By Seamus Hayes;
The death took place at the weekend of one of Clare’s best known GAA personalities, Henry Neylon from the Michael Cusacks club. At the time of his death, Hendy, as he was affectionately known, held the post of president of Clare GAA
In July of 2012, I spoke with Henry as he celebrated his 90th birthday and a week before his beloved Ml. Cusacks club held a functon to mark the 50th anniversary of the North Clare club. A week earlier the club’s junior team had captured the Clare division 4 football league title.
Henry spoke passionately about his beloved club and about a lifetime of involvement in the GAA.
He played for Carron in 1944 when they won the junior novice title, beating Moveen in the final. Two years later the club was known as BellHarbour and he was a member of the team which beat Caherea in the junior championship in Miltown.
“We had no field of our own then. We trained in our own areas and only met up on match days”, he recalled. “Padraig Begley drove us to the games and Fr. Corry refereed the final. There were a few years after that when we didn’t have a team in the parish and a few of us played with Kilfenora”, Hendy explained.
Living a short distance from the village of Kilfenora, he went to school there. “There was no organised schools football then but we would play football at every opportunity”, he said while acknowledging that there has been a great rivalry between Cusacks and Kilfenora over the years.
After leaving primary school, he attended Ennistymon CBS. “There were no buses taking pupils to school then. We cycled everywhere”, he said when recalling that he had cycled to a match in Limerick to see Clare playing
He has held a variety of positions within Clare GAA including acting as a county minor selector. He served as an umpire at a number of county football finals in the sixties and seventies. “The County board appointed the umpires just as they appointed the referees”, he recalled.
He was a member of the county board for many years as his club’s delegate and he attended county convention for over fifty years.
He attended All-Ireland football finals for over fifty years having attended his first in 1946 recalling “Roscommon were six points up and people were leaving the grounds. Then Kerry struck for two goals”.
There are many highlights, mostly in relation to the growth of his club. “Developing our own pitch at Gleann Ciosog was special”, said the man who served as club treasurer at the time. “Hosting the county final in 1984 and having the launch of the GAA centenary celebrations in Carron made us all very proud”.

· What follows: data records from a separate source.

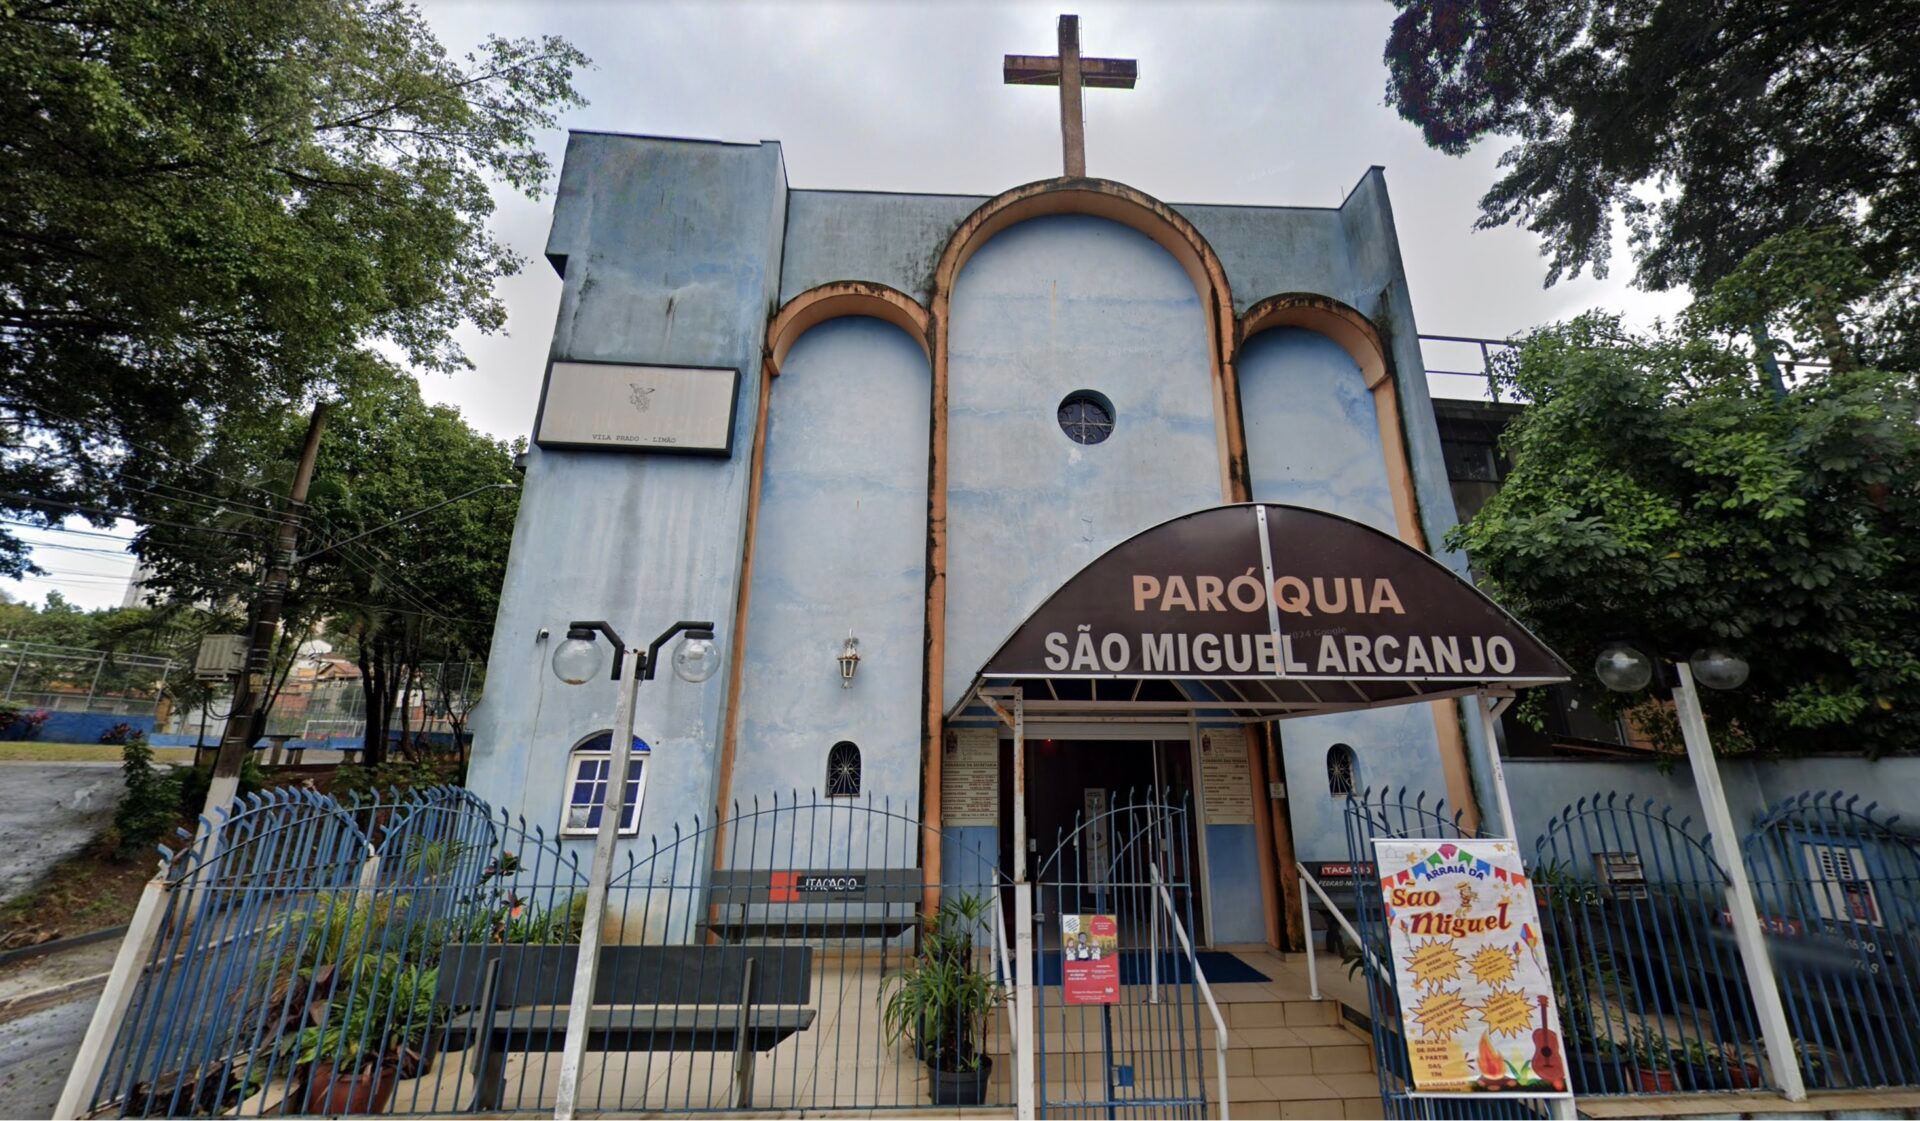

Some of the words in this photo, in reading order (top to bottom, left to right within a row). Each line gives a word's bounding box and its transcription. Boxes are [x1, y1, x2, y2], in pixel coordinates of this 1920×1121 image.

[592, 433, 611, 441] VILA
[616, 434, 639, 442] PRADO
[1132, 567, 1405, 617] PARÓQUIA
[1044, 624, 1131, 671] SÃO
[1142, 632, 1307, 674] MIGUEL
[1317, 634, 1516, 674] ARCANJO
[805, 878, 857, 892] ITAÇACO
[1425, 862, 1466, 881] ARRAIÁ
[1469, 867, 1485, 880] DA
[1391, 880, 1441, 907] São
[1411, 902, 1513, 938] Miguel
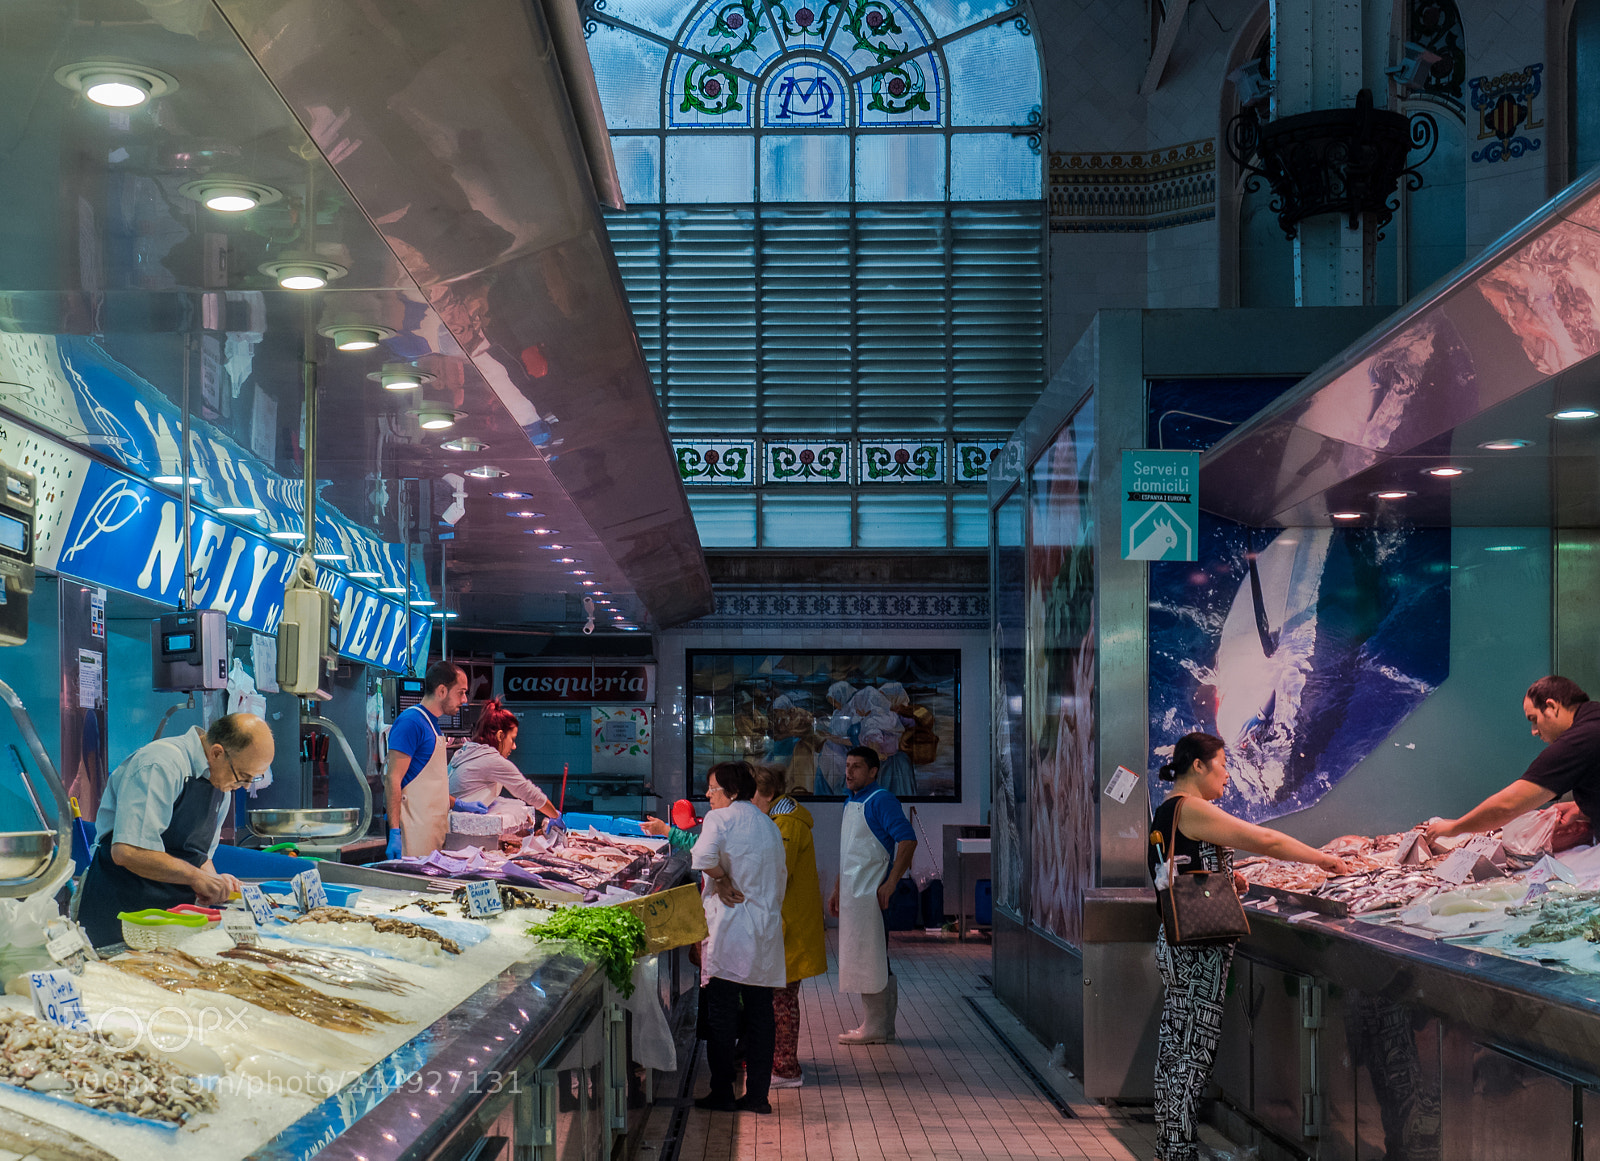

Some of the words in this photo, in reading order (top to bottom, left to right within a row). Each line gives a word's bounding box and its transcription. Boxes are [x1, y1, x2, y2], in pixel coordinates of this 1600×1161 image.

[1134, 461, 1176, 475] Servei
[1181, 466, 1189, 476] a
[1133, 478, 1189, 492] domicili
[137, 501, 279, 622] NELY
[340, 586, 407, 666] NELY
[508, 670, 645, 697] casquería

He was also very proud of his part in the restoration of the Cusack homestead. He was one of the project’s trustees.
Having served as a selector at every level in the club, its not surprising that he had special memories of a number of great successes over the years. “Our under 14 A success in 1971 when we beat Kilrush was special. Their officials said that they would not pass Miltown to play us. I succeeded in getting agreement for a toss and won the toss to get the game to Lahinch”, he recalled.
Another special occasion was the winning of the minor A championship in 1976 when his North Clare amalgamation beat a fancied Kilkee outfit that included Noel Roche.
The winning of the intermediate title in 1983 when they beat their neighbours and great rivals Kilfenora was another highlight for the late Henry.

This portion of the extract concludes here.